Activity:
Take the entries below and print all of them exactly, please.

** Opening Records shown block **

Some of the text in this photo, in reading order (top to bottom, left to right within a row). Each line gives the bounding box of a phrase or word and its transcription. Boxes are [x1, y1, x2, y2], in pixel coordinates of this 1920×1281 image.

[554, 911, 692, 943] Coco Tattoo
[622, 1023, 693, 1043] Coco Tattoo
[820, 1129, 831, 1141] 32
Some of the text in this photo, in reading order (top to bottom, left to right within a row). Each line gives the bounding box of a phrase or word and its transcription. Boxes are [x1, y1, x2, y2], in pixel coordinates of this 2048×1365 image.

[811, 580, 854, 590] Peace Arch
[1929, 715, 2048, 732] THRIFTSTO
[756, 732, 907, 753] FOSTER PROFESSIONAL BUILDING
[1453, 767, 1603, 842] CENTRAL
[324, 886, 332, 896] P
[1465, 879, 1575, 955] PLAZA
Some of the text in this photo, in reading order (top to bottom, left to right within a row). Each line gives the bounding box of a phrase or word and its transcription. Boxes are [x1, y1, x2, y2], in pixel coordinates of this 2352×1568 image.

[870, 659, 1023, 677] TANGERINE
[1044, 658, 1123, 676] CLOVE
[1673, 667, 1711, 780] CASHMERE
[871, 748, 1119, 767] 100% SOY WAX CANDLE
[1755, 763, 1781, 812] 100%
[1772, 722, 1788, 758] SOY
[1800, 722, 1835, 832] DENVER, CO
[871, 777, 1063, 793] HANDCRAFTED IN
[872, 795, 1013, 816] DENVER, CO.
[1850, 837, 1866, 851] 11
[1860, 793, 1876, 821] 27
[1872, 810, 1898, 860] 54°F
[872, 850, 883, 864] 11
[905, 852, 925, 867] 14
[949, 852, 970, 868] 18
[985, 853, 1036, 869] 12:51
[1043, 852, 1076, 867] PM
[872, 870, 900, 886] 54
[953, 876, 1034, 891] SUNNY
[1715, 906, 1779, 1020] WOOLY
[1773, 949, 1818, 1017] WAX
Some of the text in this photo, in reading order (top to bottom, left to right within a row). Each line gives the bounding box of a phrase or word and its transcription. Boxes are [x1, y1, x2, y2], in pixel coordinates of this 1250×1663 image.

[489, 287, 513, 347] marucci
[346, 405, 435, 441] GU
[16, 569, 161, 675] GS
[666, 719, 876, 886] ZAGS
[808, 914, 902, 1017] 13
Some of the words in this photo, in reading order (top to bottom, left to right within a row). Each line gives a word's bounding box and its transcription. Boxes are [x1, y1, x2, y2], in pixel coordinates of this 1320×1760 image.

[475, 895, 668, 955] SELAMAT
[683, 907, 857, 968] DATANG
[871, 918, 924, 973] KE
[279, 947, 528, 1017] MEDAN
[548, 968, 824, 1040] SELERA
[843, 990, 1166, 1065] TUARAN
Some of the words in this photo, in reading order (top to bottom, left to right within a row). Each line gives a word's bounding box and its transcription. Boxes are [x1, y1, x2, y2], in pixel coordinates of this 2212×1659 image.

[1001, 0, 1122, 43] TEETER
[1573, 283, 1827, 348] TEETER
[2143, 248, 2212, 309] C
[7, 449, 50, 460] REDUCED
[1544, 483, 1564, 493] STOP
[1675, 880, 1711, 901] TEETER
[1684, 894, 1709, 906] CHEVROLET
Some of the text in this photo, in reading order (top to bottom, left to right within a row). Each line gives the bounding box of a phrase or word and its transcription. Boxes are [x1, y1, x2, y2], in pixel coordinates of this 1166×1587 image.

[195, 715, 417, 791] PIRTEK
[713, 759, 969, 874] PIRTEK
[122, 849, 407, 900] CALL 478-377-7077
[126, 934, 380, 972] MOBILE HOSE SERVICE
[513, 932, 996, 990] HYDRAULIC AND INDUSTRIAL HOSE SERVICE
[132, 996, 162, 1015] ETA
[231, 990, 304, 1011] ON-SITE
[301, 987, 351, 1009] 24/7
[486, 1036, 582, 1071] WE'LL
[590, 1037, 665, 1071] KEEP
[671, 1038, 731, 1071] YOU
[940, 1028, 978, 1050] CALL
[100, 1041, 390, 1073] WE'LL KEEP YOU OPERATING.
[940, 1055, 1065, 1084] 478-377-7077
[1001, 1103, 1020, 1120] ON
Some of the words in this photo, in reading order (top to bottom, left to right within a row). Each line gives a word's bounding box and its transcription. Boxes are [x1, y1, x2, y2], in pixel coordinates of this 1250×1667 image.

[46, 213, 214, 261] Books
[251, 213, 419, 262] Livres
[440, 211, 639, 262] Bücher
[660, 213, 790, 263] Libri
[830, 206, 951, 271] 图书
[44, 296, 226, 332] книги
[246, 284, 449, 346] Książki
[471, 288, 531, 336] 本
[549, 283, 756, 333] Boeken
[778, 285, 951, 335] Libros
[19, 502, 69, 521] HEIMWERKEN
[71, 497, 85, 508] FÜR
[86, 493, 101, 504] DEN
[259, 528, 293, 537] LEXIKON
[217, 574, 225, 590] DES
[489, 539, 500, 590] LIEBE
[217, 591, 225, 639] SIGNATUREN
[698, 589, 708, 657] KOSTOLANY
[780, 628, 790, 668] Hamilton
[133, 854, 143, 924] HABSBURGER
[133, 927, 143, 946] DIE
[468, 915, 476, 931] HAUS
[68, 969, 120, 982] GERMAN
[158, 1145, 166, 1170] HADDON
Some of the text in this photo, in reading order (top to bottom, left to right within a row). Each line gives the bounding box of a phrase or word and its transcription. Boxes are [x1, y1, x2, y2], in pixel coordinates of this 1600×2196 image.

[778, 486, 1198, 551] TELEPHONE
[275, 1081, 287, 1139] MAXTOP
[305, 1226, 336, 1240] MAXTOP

** Closing Records shown block **

Problem solution:
Some of the text in this photo, in reading order (top to bottom, left to right within a row). Each line gives the bounding box of a phrase or word and its transcription. Boxes are [x1, y1, x2, y2], in pixel coordinates of this 1920×1281 image.

[554, 911, 692, 943] Coco Tattoo
[622, 1023, 693, 1043] Coco Tattoo
[820, 1129, 831, 1141] 32
Some of the text in this photo, in reading order (top to bottom, left to right within a row). Each line gives the bounding box of a phrase or word and its transcription. Boxes are [x1, y1, x2, y2], in pixel coordinates of this 2048×1365 image.

[811, 580, 854, 590] Peace Arch
[1929, 715, 2048, 732] THRIFTSTO
[756, 732, 907, 753] FOSTER PROFESSIONAL BUILDING
[1453, 767, 1603, 842] CENTRAL
[324, 886, 332, 896] P
[1465, 879, 1575, 955] PLAZA
Some of the text in this photo, in reading order (top to bottom, left to right within a row). Each line gives the bounding box of a phrase or word and its transcription. Boxes are [x1, y1, x2, y2], in pixel coordinates of this 2352×1568 image.

[870, 659, 1023, 677] TANGERINE
[1044, 658, 1123, 676] CLOVE
[1673, 667, 1711, 780] CASHMERE
[871, 748, 1119, 767] 100% SOY WAX CANDLE
[1755, 763, 1781, 812] 100%
[1772, 722, 1788, 758] SOY
[1800, 722, 1835, 832] DENVER, CO
[871, 777, 1063, 793] HANDCRAFTED IN
[872, 795, 1013, 816] DENVER, CO.
[1850, 837, 1866, 851] 11
[1860, 793, 1876, 821] 27
[1872, 810, 1898, 860] 54°F
[872, 850, 883, 864] 11
[905, 852, 925, 867] 14
[949, 852, 970, 868] 18
[985, 853, 1036, 869] 12:51
[1043, 852, 1076, 867] PM
[872, 870, 900, 886] 54
[953, 876, 1034, 891] SUNNY
[1715, 906, 1779, 1020] WOOLY
[1773, 949, 1818, 1017] WAX
Some of the text in this photo, in reading order (top to bottom, left to right within a row). Each line gives the bounding box of a phrase or word and its transcription. Boxes are [x1, y1, x2, y2], in pixel coordinates of this 1250×1663 image.

[489, 287, 513, 347] marucci
[346, 405, 435, 441] GU
[16, 569, 161, 675] GS
[666, 719, 876, 886] ZAGS
[808, 914, 902, 1017] 13
Some of the words in this photo, in reading order (top to bottom, left to right within a row). Each line gives a word's bounding box and its transcription. Boxes are [x1, y1, x2, y2], in pixel coordinates of this 1320×1760 image.

[475, 895, 668, 955] SELAMAT
[683, 907, 857, 968] DATANG
[871, 918, 924, 973] KE
[279, 947, 528, 1017] MEDAN
[548, 968, 824, 1040] SELERA
[843, 990, 1166, 1065] TUARAN
Some of the words in this photo, in reading order (top to bottom, left to right within a row). Each line gives a word's bounding box and its transcription. Boxes are [x1, y1, x2, y2], in pixel coordinates of this 2212×1659 image.

[1001, 0, 1122, 43] TEETER
[1573, 283, 1827, 348] TEETER
[2143, 248, 2212, 309] C
[7, 449, 50, 460] REDUCED
[1544, 483, 1564, 493] STOP
[1675, 880, 1711, 901] TEETER
[1684, 894, 1709, 906] CHEVROLET
Some of the text in this photo, in reading order (top to bottom, left to right within a row). Each line gives the bounding box of a phrase or word and its transcription. Boxes are [x1, y1, x2, y2], in pixel coordinates of this 1166×1587 image.

[195, 715, 417, 791] PIRTEK
[713, 759, 969, 874] PIRTEK
[122, 849, 407, 900] CALL 478-377-7077
[126, 934, 380, 972] MOBILE HOSE SERVICE
[513, 932, 996, 990] HYDRAULIC AND INDUSTRIAL HOSE SERVICE
[132, 996, 162, 1015] ETA
[231, 990, 304, 1011] ON-SITE
[301, 987, 351, 1009] 24/7
[486, 1036, 582, 1071] WE'LL
[590, 1037, 665, 1071] KEEP
[671, 1038, 731, 1071] YOU
[940, 1028, 978, 1050] CALL
[100, 1041, 390, 1073] WE'LL KEEP YOU OPERATING.
[940, 1055, 1065, 1084] 478-377-7077
[1001, 1103, 1020, 1120] ON
Some of the words in this photo, in reading order (top to bottom, left to right within a row). Each line gives a word's bounding box and its transcription. Boxes are [x1, y1, x2, y2], in pixel coordinates of this 1250×1667 image.

[46, 213, 214, 261] Books
[251, 213, 419, 262] Livres
[440, 211, 639, 262] Bücher
[660, 213, 790, 263] Libri
[830, 206, 951, 271] 图书
[44, 296, 226, 332] книги
[246, 284, 449, 346] Książki
[471, 288, 531, 336] 本
[549, 283, 756, 333] Boeken
[778, 285, 951, 335] Libros
[19, 502, 69, 521] HEIMWERKEN
[71, 497, 85, 508] FÜR
[86, 493, 101, 504] DEN
[259, 528, 293, 537] LEXIKON
[217, 574, 225, 590] DES
[489, 539, 500, 590] LIEBE
[217, 591, 225, 639] SIGNATUREN
[698, 589, 708, 657] KOSTOLANY
[780, 628, 790, 668] Hamilton
[133, 854, 143, 924] HABSBURGER
[133, 927, 143, 946] DIE
[468, 915, 476, 931] HAUS
[68, 969, 120, 982] GERMAN
[158, 1145, 166, 1170] HADDON
Some of the text in this photo, in reading order (top to bottom, left to right within a row). Each line gives the bounding box of a phrase or word and its transcription. Boxes are [x1, y1, x2, y2], in pixel coordinates of this 1600×2196 image.

[778, 486, 1198, 551] TELEPHONE
[275, 1081, 287, 1139] MAXTOP
[305, 1226, 336, 1240] MAXTOP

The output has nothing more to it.